Abstract
A recombinant hepatitis E vaccine, Hecolin®, has been proven safe and effective in healthy adults. As hepatitis B surface antigen (HBsAg) positive individuals have a higher risk of poor prognosis after super-infection with hepatitis E virus (HEV), the safety and immunogenicity of Hecolin® in this population should be assessed. The present study is an extending analysis of data from a large randomized controlled clinical trial of Hecolin®. Healthy participants (n = 14,065) without current or previous evidence of chronic liver disease were randomized to receive Hecolin® or placebo (hepatitis B vaccine) and donated their blood samples before vaccination and subsequently over 31 mo. Most of the adverse events were mild and comparable between participants with and without baseline hepatitis B surface antigen (HBsAg). No vaccine-related serious adverse events were reported. Rates of serious adverse events in HBsAg (+) or HBsAg (-) participants were also comparable between both groups. Almost all participants in the Hecolin® group seroconverted to anti-HEV one month after full vaccination. The antibody response rates and levels were similar in HBsAg (+) and HBsAg (-) participants (98.38%, 19.32 Wu/mL vs. 98.69%, 19.00 Wu/mL). The two-year antibody dynamics of HBsAg (+) participants overlapped perfectly with those of HBsAg (-) participants. In conclusion, the safety and immunogenicity of Hecolin® for HBsAg (+) adults is very similar to that for the general population.

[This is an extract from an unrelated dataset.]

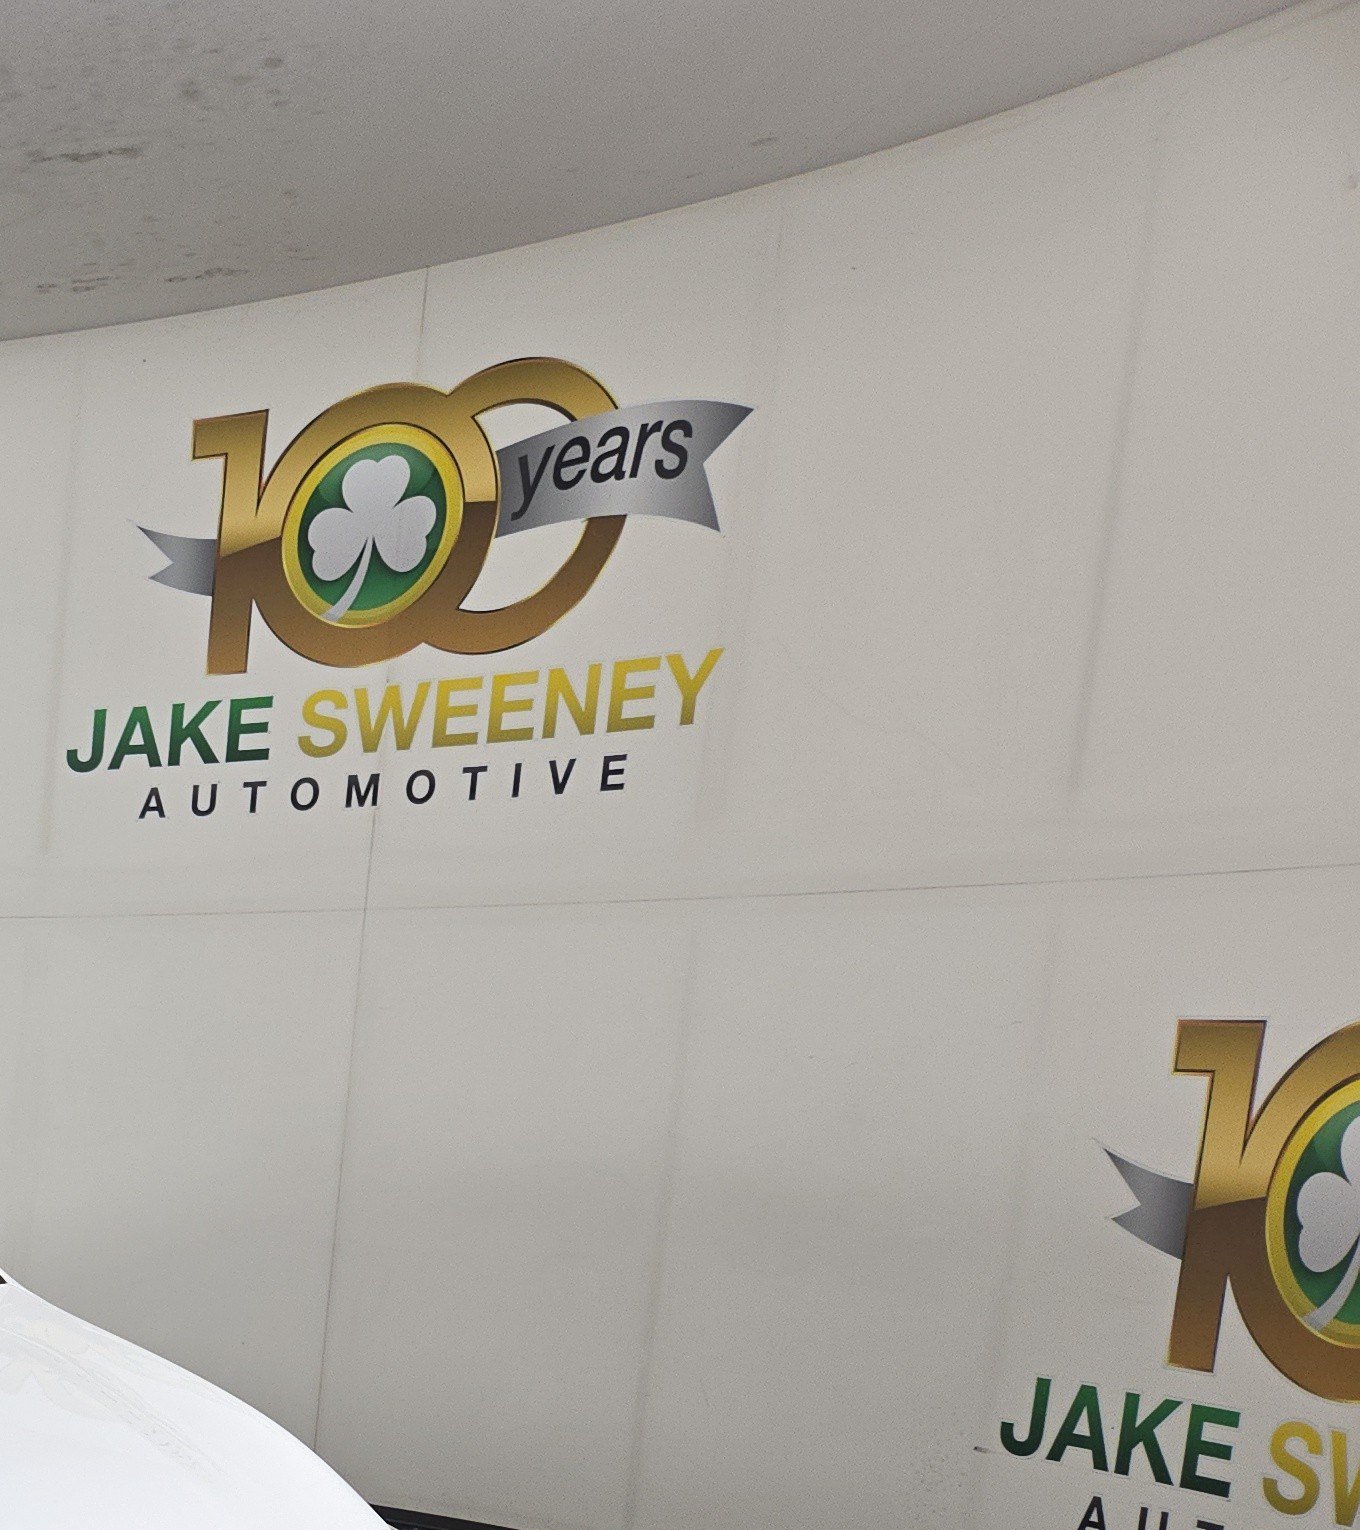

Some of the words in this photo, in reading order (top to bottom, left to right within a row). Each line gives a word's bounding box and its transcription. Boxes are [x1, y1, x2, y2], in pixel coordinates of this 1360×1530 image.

Keywords: HBsAg, HEV239, Hecolin®, hepatitis E, immunogenicity, safety, vaccine
Introduction
Hepatitis E virus (HEV) is one of the leading causes of acute hepatitis.1 An estimated one third of the world’s population living in developing countries has been infected with HEV,2 and reports of autochthonous hepatitis E cases are increasing in developed countries.3-7 Recently, a striking spectrum of serious complications has been reported, including “acute-on-chronic” liver failure, extra-hepatic manifestations, and chronic hepatitis. These complications are mainly associated with autochthonous hepatitis E in developed countries.8,9 Acute-on-chronic disease, which refers to hepatitis with the rapid appearance of signs of liver failure, ascites and encephalopathy in a person with pre-existing liver disease, is usually more severe than acute hepatitis and sometimes progresses to fulminant hepatic failure, with a fatality rate of up to 70%.10,11 Therefore, it is imperative for people with a higher risk of chronic liver disease to become protected against HEV infection.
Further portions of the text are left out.